It is natural to ask how and why this separation arose, and what can be done to bridge the chasm between the two fields.
Statistical work was at the centre of the development of computers. The modern computer and the company IBM evolved from punched card machines developed by Herman Hollerith (1860-1929) to process the US Census in the late 19th century. At that stage the cards themselves were the only storage for the data and the computers - termed tabulating machines - simply counted cards according to the hole patterns punched in them, with almost no computation as we would think of it today. The original name of IBM was the Computing Tabulating Recording Corporation.
At the same time, statisticians were developing methods of analysis and these often required significant computation. Mechanical calculators were the norm. While these had surprising accuracy - often 20 digits - they had little or no storage capacity. Algorithms were developed to minimise the number of times that data might need to be entered, resulting in the "calculating formulae" for quantities such as the variance that until recently filled elementary texts on statistics.
Modern electronic computers were initially developed for a different purpose from the older tabulating machines- intensive computation - although some of the old technologies such as punched cards were carried across. Computer memories were small, better than the old calculators but not by much.
When these new computers were then used to process data, the early emphasis was on batch processing, with the data initially on cards as before, and then magnetic tape. The statistical algorithms from the days of calculators were readily adapted to this environment, with the emphasis on doing as much as possible with a single reading of the data and not having to store it in memory. Many of the older statistical programs such as SAS and SPSS still have this legacy data matrix structure, enabling them to process large volumes of data on relatively modest computers. The simple structure does have its limitations however, as is discussed below.

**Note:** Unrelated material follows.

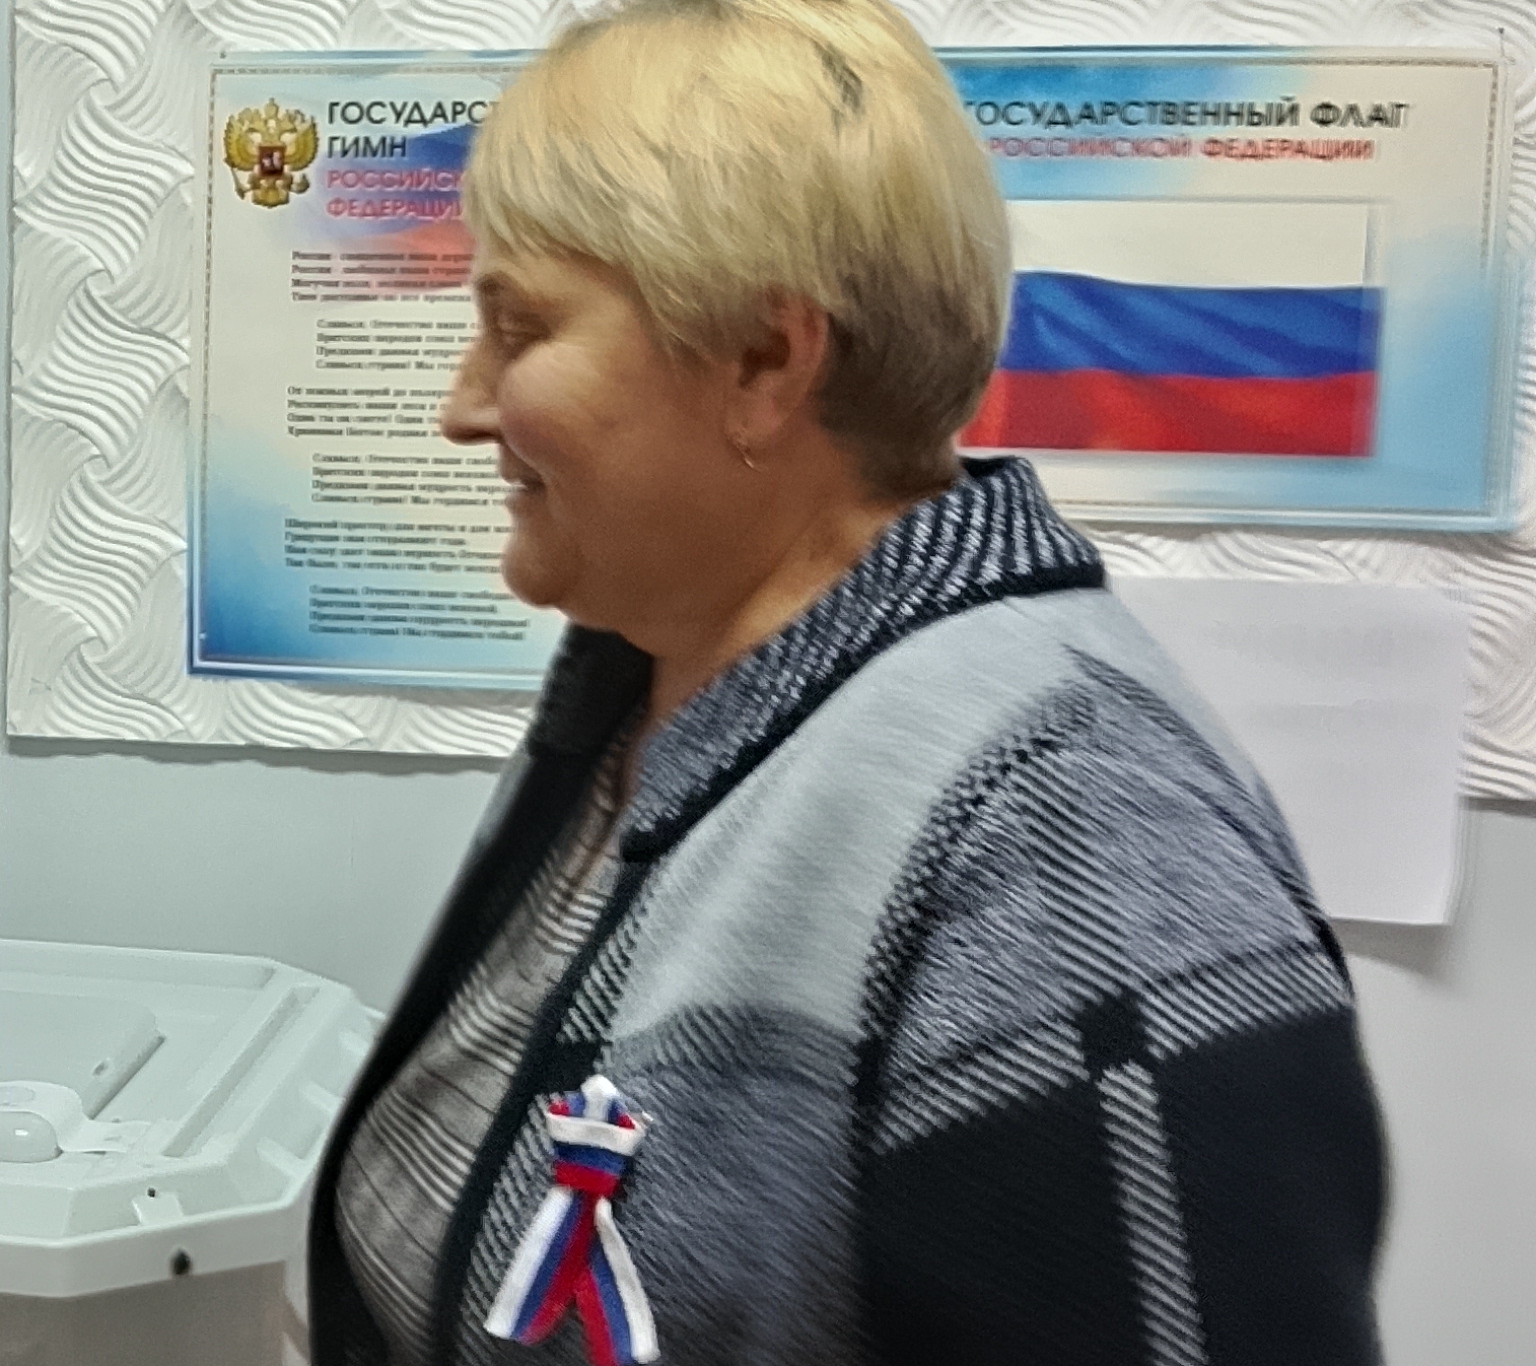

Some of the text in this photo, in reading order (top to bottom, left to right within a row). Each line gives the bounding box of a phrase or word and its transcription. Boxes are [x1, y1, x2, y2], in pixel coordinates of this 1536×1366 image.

[328, 101, 500, 128] ГОСУДАРС
[965, 95, 1410, 129] ОСУДАРСТВЕННЫЙ ФЛАГ
[328, 136, 407, 158] ГИМН
[1200, 138, 1375, 160] ФЕДЕРАЦИИ

All this changed with the advent of random access mass storage - the hard disk drive - invented by Rey Johnson of IBM in 1956. This allowed a program to read parts of a data file in any order, in its time a revolutionary concept. In fact some say IBM almost stifled the hard disk development since it went against their corporate marketing approach of sequential processing of large files.
The disk drive generated a flurry of software development exploring how to reliably store data on these new systems, leading to what are now termed database management systems (DBMSs). After a brief period of experimentation one model for database design evolved as a clear winner, the relational model of Edgar Codd, especially when paired with a version of the Simple Query Language (SQL). While this model had a number of strengths, it particularly emphasised maintaining consistency and integrity when a database was handling numerous small updates or transactions. The benchmark used in measuring the performance of database systems was the number of standard transactions per second they could achieve. Today these systems dominate business processes - virtually all the bills you receive will have been generated from such systems.

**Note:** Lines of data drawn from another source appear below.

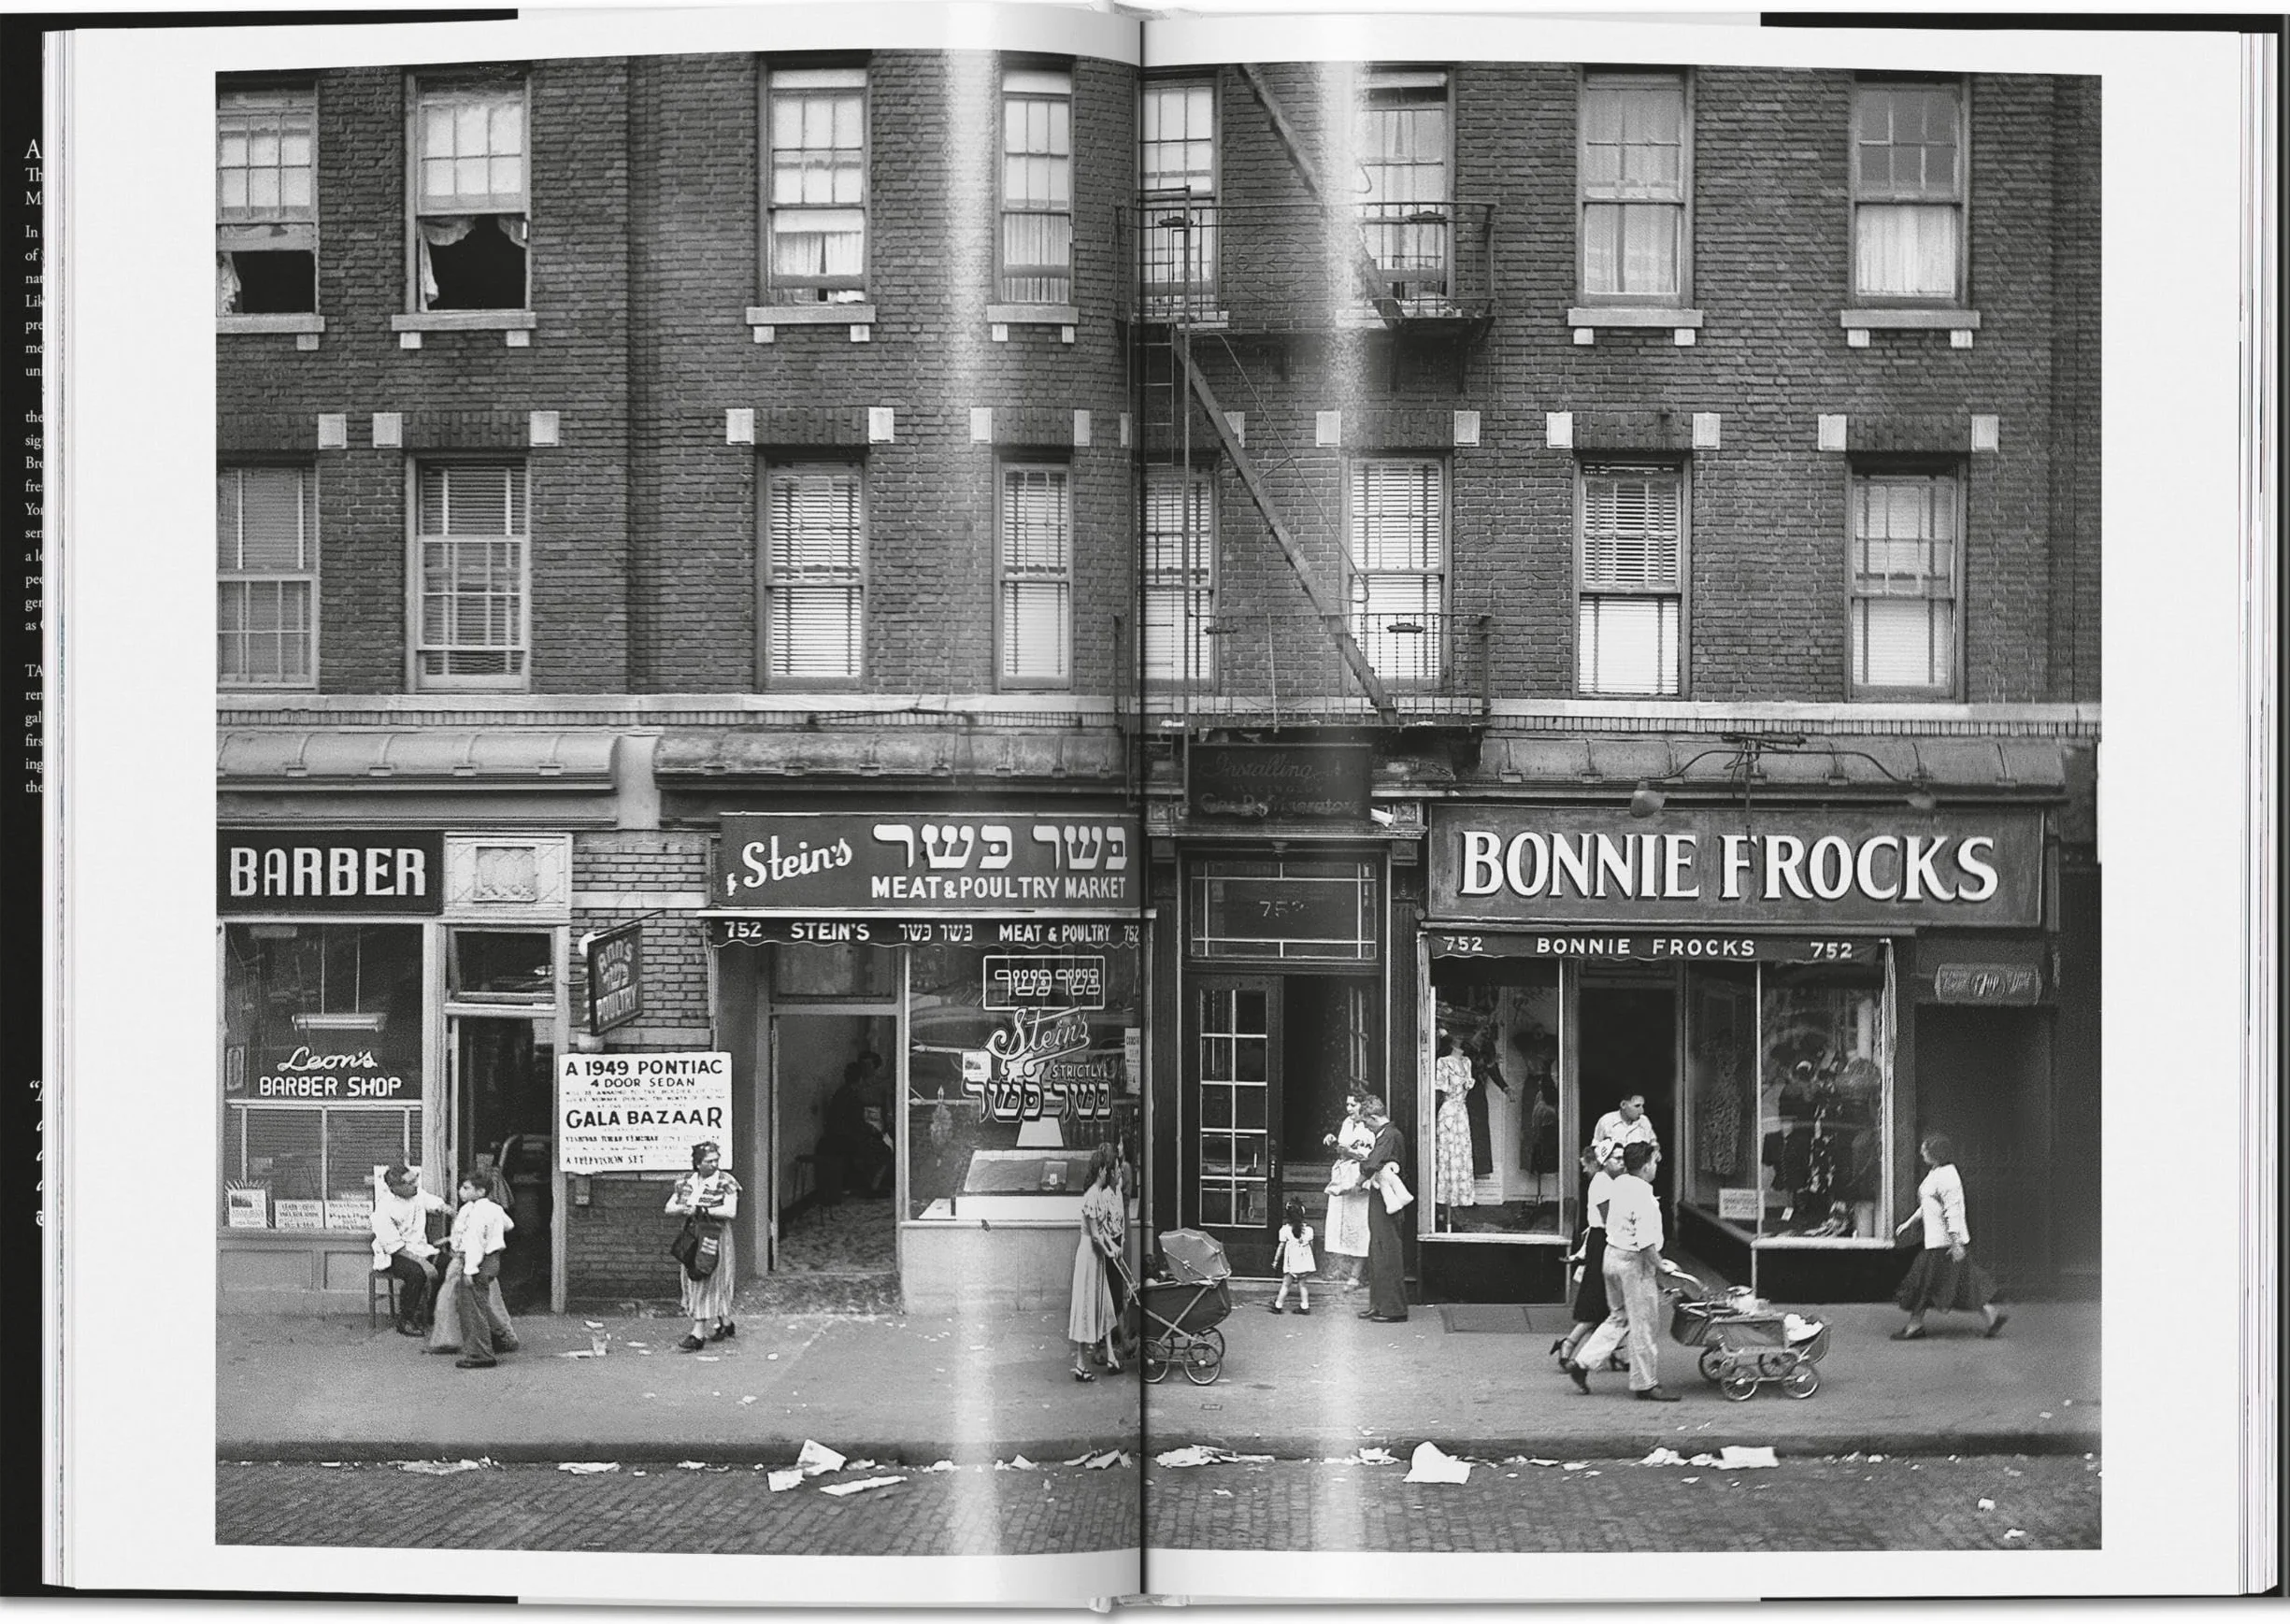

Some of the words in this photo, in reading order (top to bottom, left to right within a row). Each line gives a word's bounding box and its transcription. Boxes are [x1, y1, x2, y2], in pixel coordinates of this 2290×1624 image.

[25, 191, 43, 206] M
[25, 225, 38, 237] In
[24, 249, 39, 261] of
[25, 367, 43, 377] un
[24, 434, 44, 449] sig
[24, 552, 32, 562] a
[25, 621, 36, 631] as
[24, 663, 43, 677] TA
[742, 834, 852, 889] Stein's
[1461, 831, 1699, 898] BONNIE
[1721, 834, 1999, 901] FROCKS
[230, 848, 425, 897] BARBER
[1065, 876, 1125, 899] MARKET
[724, 921, 762, 938] 752
[791, 922, 870, 940] STEIN'S
[999, 924, 1042, 942] MEAT
[1048, 927, 1057, 942] &
[1062, 924, 1110, 943] POULTRY
[1124, 925, 1139, 943] 752
[1443, 937, 1483, 951] 752
[1537, 937, 1631, 954] BONNIE
[1653, 938, 1754, 957] FROCKS
[1810, 942, 1853, 960] 752
[985, 1006, 1091, 1076] Stein's
[278, 1046, 379, 1072] Leon's
[565, 1061, 579, 1076] A
[585, 1060, 629, 1076] 1949
[638, 1059, 723, 1076] PONTIAC
[1052, 1063, 1103, 1078] STRICTLY
[259, 1076, 338, 1097] BARBER
[346, 1076, 402, 1097] SHOP
[590, 1078, 599, 1088] 4
[604, 1077, 641, 1088] DOOR
[649, 1077, 695, 1088] SEDAN
[565, 1109, 621, 1129] GALA
[627, 1106, 723, 1129] BAZAAR

A key feature of the relational model is that data is conceptually stored without redundancy. If one table stores invoice information and several invoices will go to the one customer, then the data on the customer must be in a separate data so that there is only one version of the information (such as the address) for that customer. This ensures consistency - all invoices for a customer will go to the same address and changes to that address need only be made in one place, but it does mean that the data is spread across numerous tables. These principles are often presented as part of Codd's Twelve Rules.
Database Professionals Discover Analysis
But transactions are not the only purpose that databases must be used for. All businesses need to analyse their data to inform business decisions. It was found that systems optimised for transactions were often poor at this second task, often because the data was spread across many tables and detailed knowledge was required when linking these tables together.
This led to the development of On Line Analytical Processing (OLAP) systems, typically extensions to SQL databases. OLAP systems often work by creating a hypercube, a simple table that combines the data from many of the main tables and is hence easy to query.
Statisticians, who had little or no need to consider transactional systems, had little interaction with database professionals during this time. Most statisticians worked with relatively small data sets, so they saw little need for sophisticated storage.
Many statisticians are somewhat bemused by the development of hypercubes and similar data warehousing techniques - they see it as the discovery by computer scientists of the data matrix that statisticians have been using for years. The data matrix often lacks the sophisticated storage of the hypercube and is therefore slower to use for some problems, but statisticians had long recognised that its simplicity gives enormous power. The SAS program grew in its use in the business world with its simple emphasis on the data matrix simple because it provided what business analysts needed long before the database systems did.
At the same time, some statisticians have considered that the SQL language is not ideal for their data management. Used in its most direct way, SQL can easily lead to losing or duplicating data without warning and some questions such as what is the median of a set of numbers can be difficult to answer. While there are methods of getting around these problems, it is difficult to argue that standard SQL databases are ideal for statisticians.
Statisticians Discover Data Structures
At the same time that computer scientists have been rediscovering the data matrix, statisticians have had to face real problems in managing data. In the 1970s statistical programs began to take advantage of increased memory and improved operating systems. Many of these programs are forgotten today, although two important ones survive - Genstat and S. While taking different approaches, both developed into highly programmable systems that implemented important algorithms taking advantage of modern computers. Today S has been largely replaced in all of its features and language by the free open source system R.
One of the most important features of R is its object orientation. Objects of classes have been used in computing since the 1960's but their use in statistics is more recent and comes from the work of John Chambers on S. In R each statistical function can produce complex data structures that are then available for further analytical steps. Hence the functions become the building blocks for particular analyses. This makes R and similar systems far more flexible than the older data matrix oriented programs, although they all support the concept since the data matrix is still useful for many simpler problems.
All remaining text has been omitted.